In this article, we will delve into two important hyperparameters of support vector machines, C and Gamma, and visually explain their effects. So I assume you have a basic understanding of algorithms and focus on these hyperparameters.

Support vector machines use a decision boundary to separate data points belonging to different categories. In determining decision boundaries, soft interval support vector machines (soft margin means allowing certain data points to be misclassified) attempt to solve an optimization problem with the following objectives:

Increase the distance between the decision boundary and the class (or support vector)
Maximize the number of correctly classified points in the training set

Obviously, there is a compromise between these two goals, which is controlled by C, which adds a penalty for each misclassified data point.
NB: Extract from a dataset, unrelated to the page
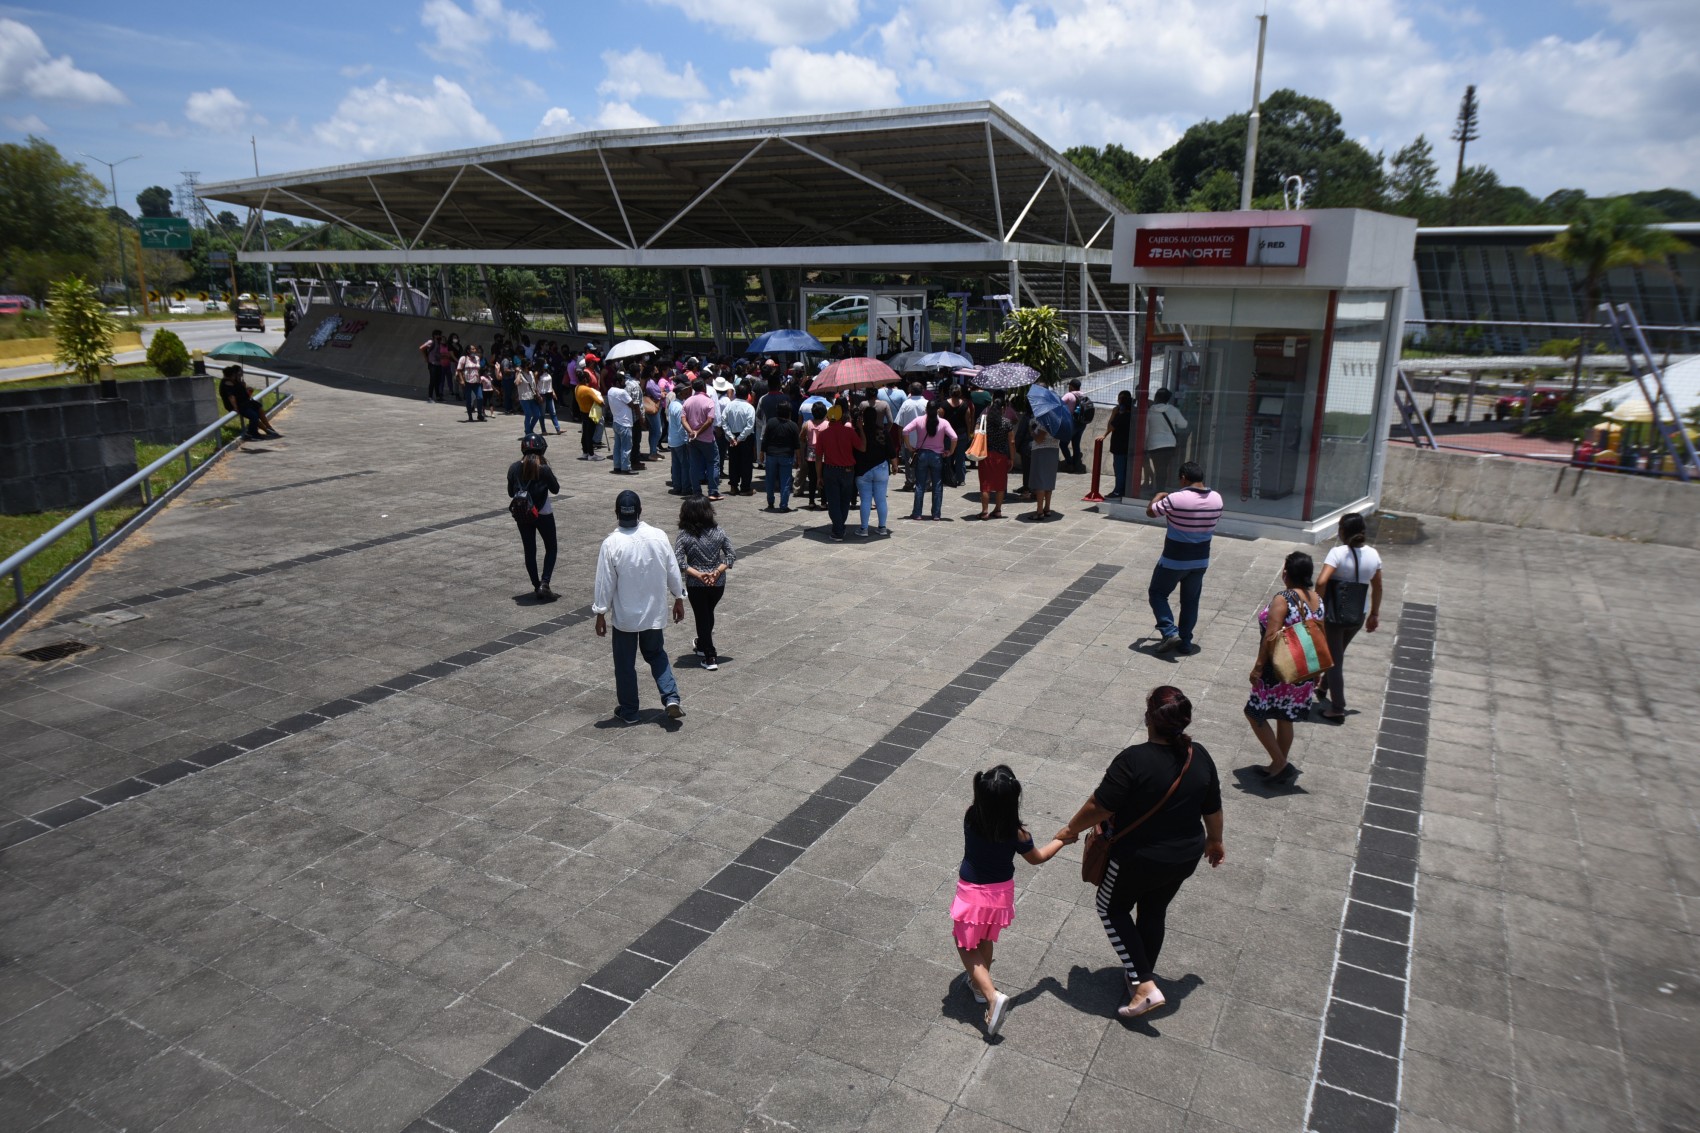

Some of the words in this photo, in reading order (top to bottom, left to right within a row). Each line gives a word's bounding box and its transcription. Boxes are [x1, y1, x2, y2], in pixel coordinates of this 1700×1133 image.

[1148, 235, 1179, 244] CAJEROS
[1180, 235, 1235, 243] AUTOMATICOS
[1162, 248, 1232, 258] BANORTE
[1252, 427, 1263, 488] BANORTE
If C is small, the penalty for misclassification points is low, so choosing a decision boundary with a large interval comes at the expense of more misclassification.
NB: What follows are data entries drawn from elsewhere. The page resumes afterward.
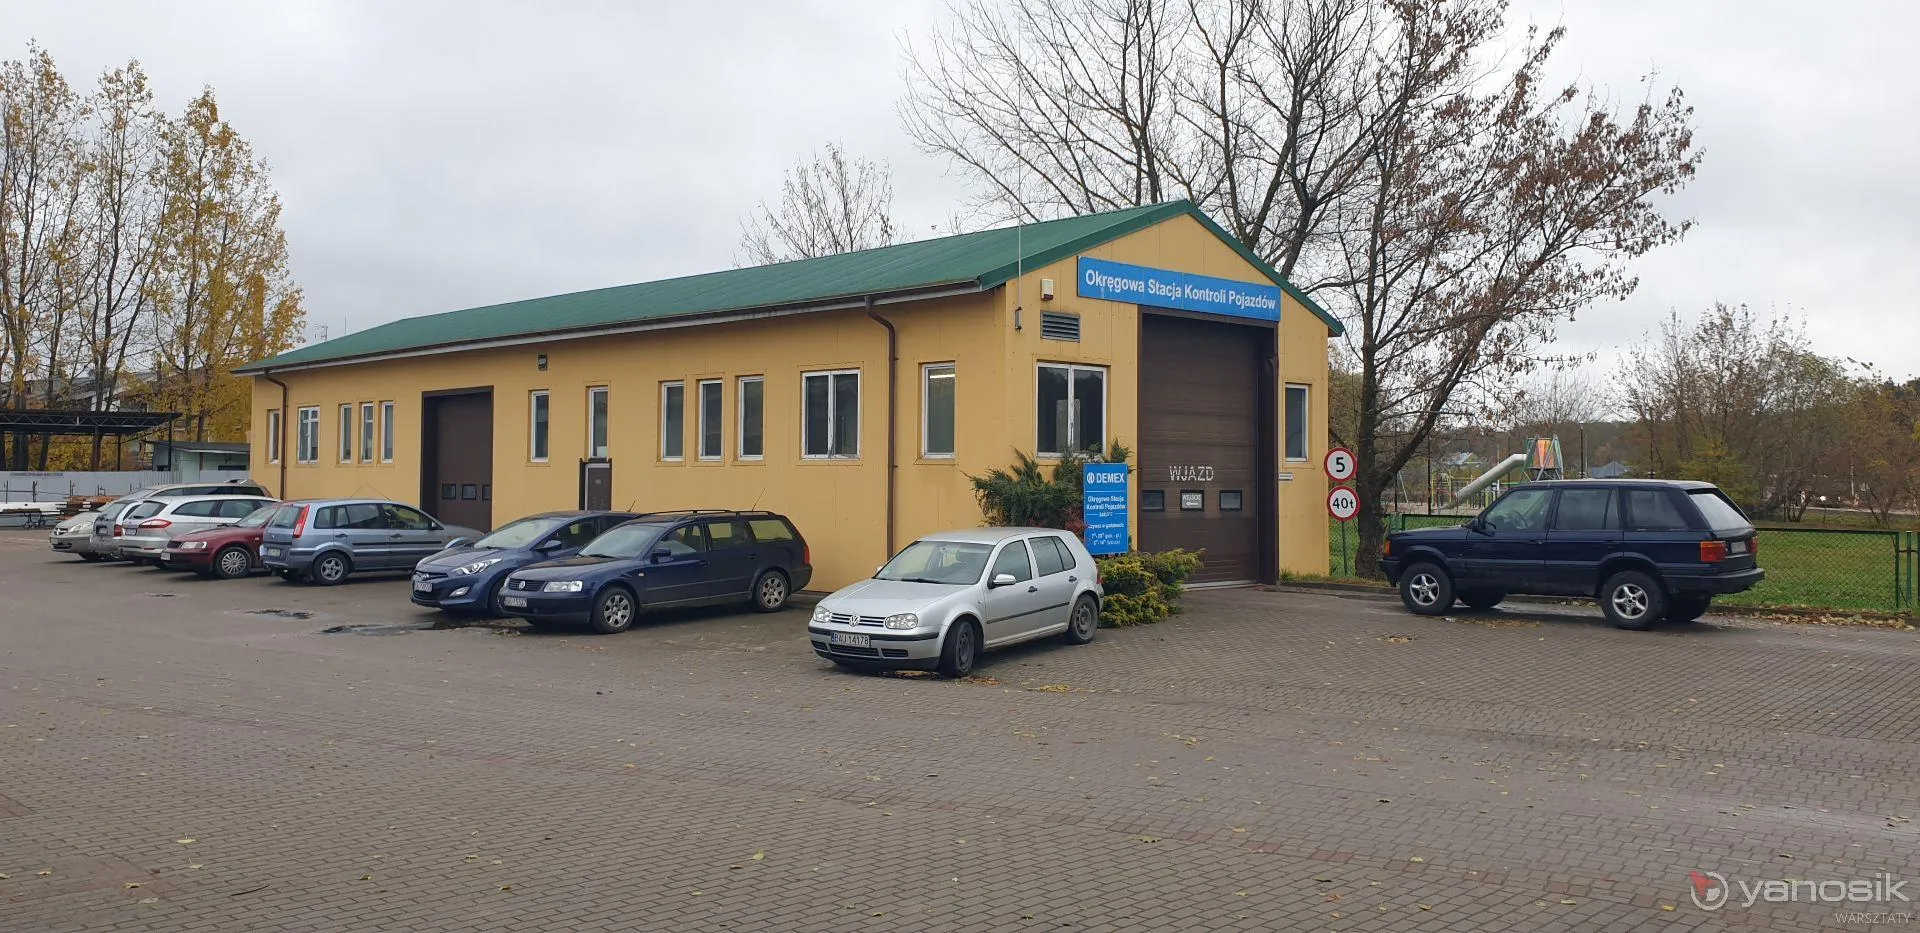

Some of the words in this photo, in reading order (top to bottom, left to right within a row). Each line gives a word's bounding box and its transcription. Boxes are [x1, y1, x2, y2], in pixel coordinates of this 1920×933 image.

[1085, 269, 1145, 293] Okręgowa
[1147, 279, 1182, 301] Stacja
[1184, 284, 1226, 304] Kontroli
[1228, 290, 1276, 310] Pojazdów
[1168, 464, 1214, 482] WJAZD
[1335, 456, 1346, 473] 5
[1096, 472, 1125, 484] DEMEX
[1332, 497, 1354, 509] 40t
When the value of C is large, support vector opportunities minimize the number of misclassified samples because punishment results in smaller intervals at decision boundaries. For all cases of misclassification, the penalty is different. It’s proportional to the distance from the decision boundary.

It will become clearer after these examples. Let’s start by logging in and creating a synthetic dataset.

import numpy as np
import pandas as pd

import matplotlib.pyplot as plt
%matplotlib inline

from sklearn.svm import SVC
from sklearn.datasets import make_classification

X, y = make_classification(n_samples=200, n_features=2,
n_informative=2, n_redundant=0, n_repeated=0, n_classes=2,random_state=42)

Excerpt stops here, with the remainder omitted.